Hopeless is as far from hopeless as it could possibly be! Rather courageous, strong, stubborn, beautiful and full of hope!

Sky has been home schooled her whole life, but for her senior year in high school, she has managed to persuade her mother to let her go to the local school so she can get ready to go to college later. Just as Sky is getting ready to go to an actual school for the first time, her best friend and next-door-neighbor Six is leaving for a year abroad. Because Six is very friendly with boys, she has quite a reputation in school, and that reputation has kind of trickled down to Sky as well, just because she’s been hanging out with guys as well and of course, since she and Six are best friends.

Hopeless really isn’t about high school drama, though, it is about Sky, and Dean. How they both have to deal with gossip and nasty reputations, and how they fall in love and Sky is finally feeling something when she is with a boy, and about how they both need to deal with the past. At the same time as Sky starts feeling something, she is having dreams as well. About a past she cannot remember. She knows she is adopted, and that she was in the foster system until she was four years old, but she never had any actual memories of what happened before she became Karen’s adopted daughter.

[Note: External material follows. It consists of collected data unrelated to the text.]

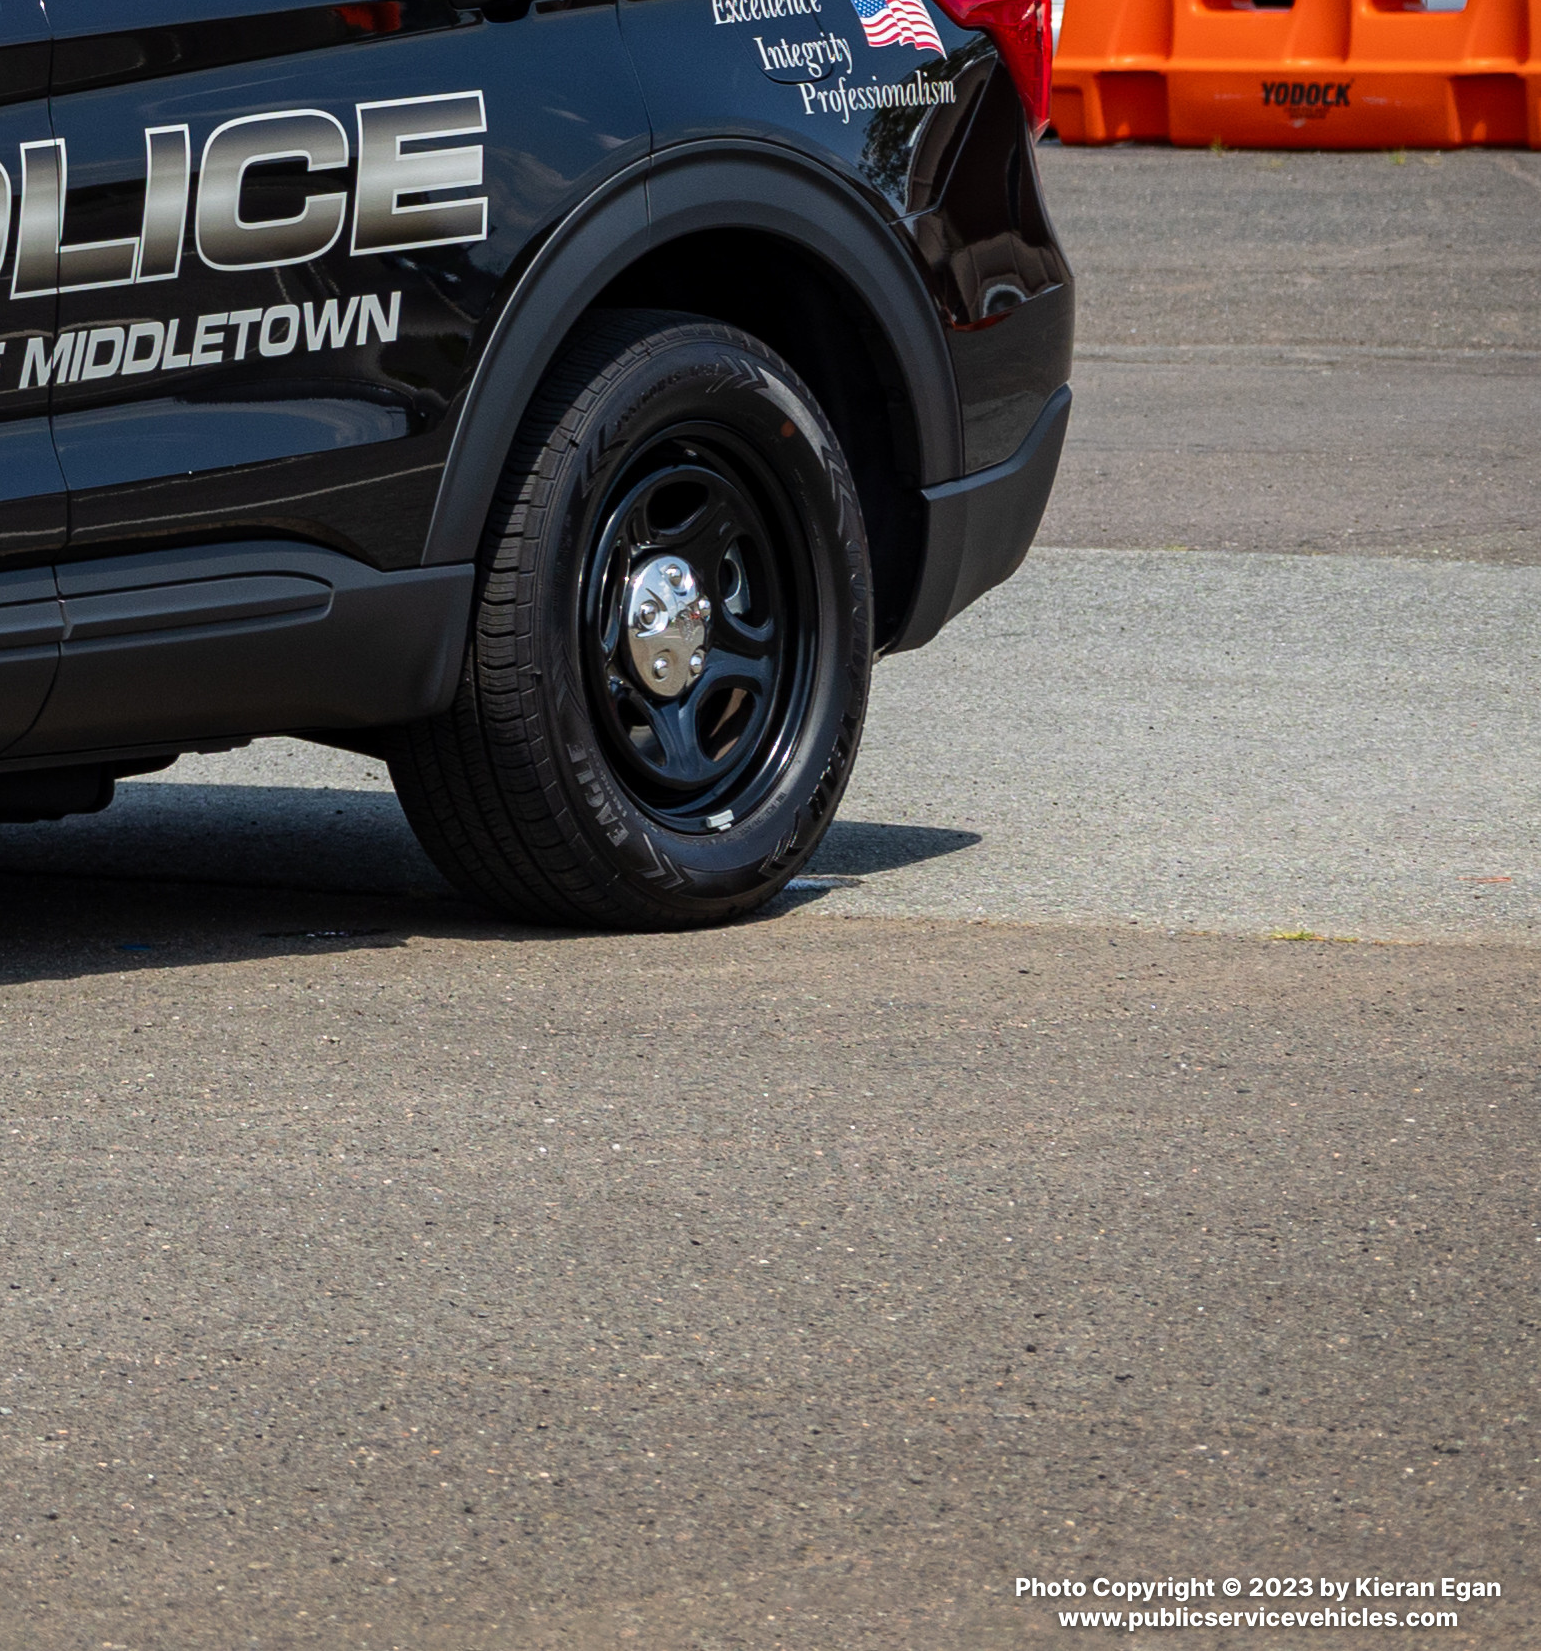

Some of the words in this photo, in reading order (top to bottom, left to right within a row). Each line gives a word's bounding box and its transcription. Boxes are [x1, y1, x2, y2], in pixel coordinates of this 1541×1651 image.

[752, 32, 853, 78] Integrity
[798, 70, 957, 124] Professionalism
[1262, 81, 1350, 107] YODOCK
[19, 291, 402, 386] MIDDLETOWN
[566, 740, 631, 848] EAGLE

Sky has not had the same kind of life that Six has had – not only because she was home schooled, but also because Karen has a very strict no-electronics thing going on at home. They have no TV, computers or cell-phones, and while I can appreciate that some people want to be able to be off-line when at home, it did seem a little strange as well. When Six leaves for Europe, her goodbye present for Sky is a cell-phone, that she keeps hidden from Karen.

The relationship between Karen and Sky is a very good one, for once, there is a parent who is really present for her teenager, even if she also trusts Sky and lets her make a lot of her own decisions. Apart from her strange and disturbing dreams, Sky seems to be well-adjusted. The writing is extremely well done, it flows easily, the prose is beautiful, and the characters are all fleshed out! Even minor characters are described and showed in a way that made me feel like they were real, and that is a huge plus in my opinion.

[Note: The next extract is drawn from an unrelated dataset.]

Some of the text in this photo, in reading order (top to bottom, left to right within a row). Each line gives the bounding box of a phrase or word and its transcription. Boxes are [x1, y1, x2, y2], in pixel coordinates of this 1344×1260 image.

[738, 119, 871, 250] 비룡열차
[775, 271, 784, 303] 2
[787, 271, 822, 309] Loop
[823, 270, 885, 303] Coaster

Dean is a very complex character, and since the readers get to know him through Sky, her judgment of him color our own. I was a little wary of him in the beginning, even with all the warning signs telling me not to listen to gossip, I made the very same mistake that Sky made – I believed the things I learned about him from second or third hand

At the same time, Dean is also quite volatile in the beginning, we never know if he is going to be nice or nasty, happy or angry. As things move quickly between Sky and Dean, it is still easy to understand how she gets so caught up in him, because there is a depth to him that is really amazing. Sky and Dean seem to really get each other, they are both outsiders in high school, and they both have to fight against the gossipers who have nothing better to do with their free time than to make stuff up about people they don’t really know.

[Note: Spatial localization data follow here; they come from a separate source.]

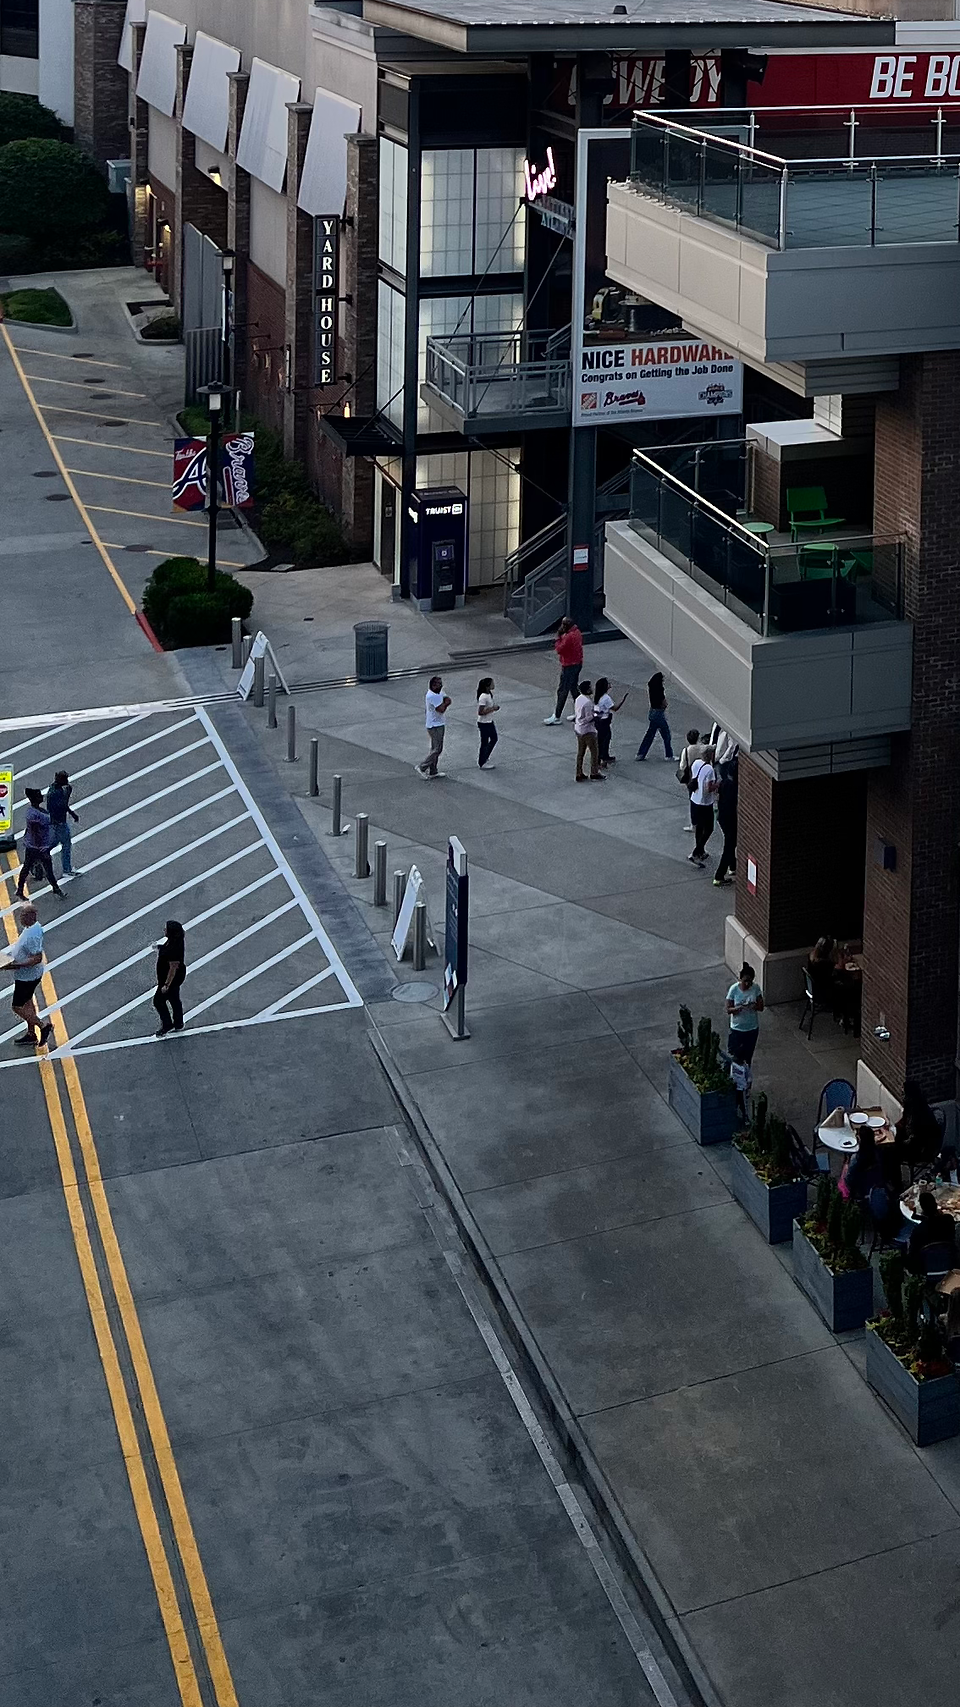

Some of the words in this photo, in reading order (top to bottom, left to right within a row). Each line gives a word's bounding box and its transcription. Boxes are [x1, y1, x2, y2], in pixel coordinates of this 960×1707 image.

[869, 56, 917, 98] BE
[322, 220, 334, 289] YARD
[320, 298, 333, 383] HOUSE
[581, 349, 625, 371] NICE
[631, 343, 734, 366] HARDWAR
[581, 371, 623, 384] Congrats
[625, 372, 637, 380] on
[640, 368, 672, 379] Getting
[675, 366, 690, 376] the
[692, 364, 708, 375] Job
[710, 363, 734, 374] Done
[226, 436, 254, 505] Braves
[426, 505, 452, 516] TRUIST

As the story moves forward, the mystery of Sky’s past becomes more and more present, until her memories almost explode. The aftermath of her remembering everything, and then realizing that someone else knew some of it as well was heartbreaking to read about. What she had to relive made me cry, and in some instances I had goose-bumps seeing how she was sorting through her memories to find some kind of peace within herself. She showed an immense strength, and she only got stronger as she worked through her past.

To make sure I don’t spoil anything, I will stop here – but I urge you: Get this book and read it! You need a quiet place so you can just read without stopping, and the time to do so as well. You also need a lot of tissues, but know that there are a lot of both happy and romantic moments as well – all is not sad – as I said in the beginning, there truly is hope throughout the whole narrative, and that might be part of what made Hopeless so beautiful to me.

Everything Six eats is only eaten to compliment her main course of Nutella. Tonight, she’s having a cheese and Nutella sandwich. I don’t know if I could ever acquire a taste for that.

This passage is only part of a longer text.